[WHAT THE TASK REQUIRES] Apart from the images, repeat the data below exactly as written.
——————
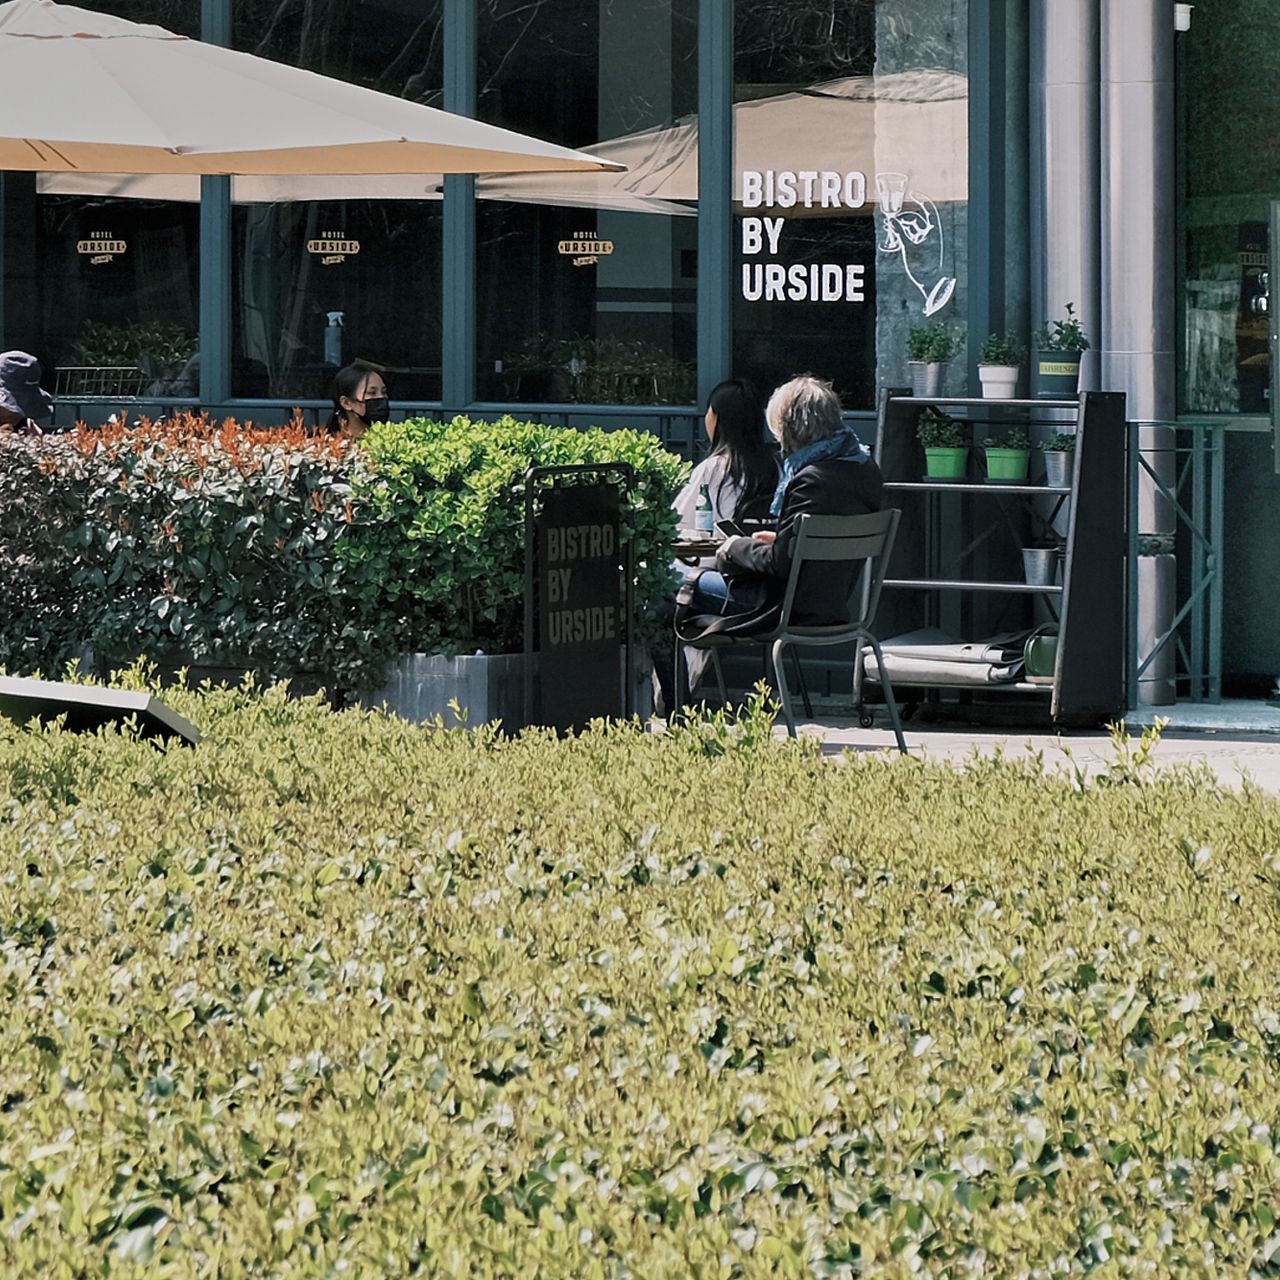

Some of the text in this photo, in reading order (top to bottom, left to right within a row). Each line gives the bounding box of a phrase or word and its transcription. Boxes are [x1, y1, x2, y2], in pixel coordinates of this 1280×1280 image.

[742, 170, 866, 209] BISTRO
[314, 241, 355, 252] URSIDE
[565, 242, 607, 252] URSIDE
[741, 217, 785, 255] BY
[741, 263, 865, 302] URSIDE
[547, 523, 615, 562] BISTRO
[547, 568, 572, 603] BY
[548, 606, 616, 645] URSIDE
——————
[TASK RESPONSE]
Some of the text in this photo, in reading order (top to bottom, left to right within a row). Each line gives the bounding box of a phrase or word and its transcription. Boxes are [x1, y1, x2, y2], in pixel coordinates of this 1280×1280 image.

[742, 170, 866, 209] BISTRO
[314, 241, 355, 252] URSIDE
[565, 242, 607, 252] URSIDE
[741, 217, 785, 255] BY
[741, 263, 865, 302] URSIDE
[547, 523, 615, 562] BISTRO
[547, 568, 572, 603] BY
[548, 606, 616, 645] URSIDE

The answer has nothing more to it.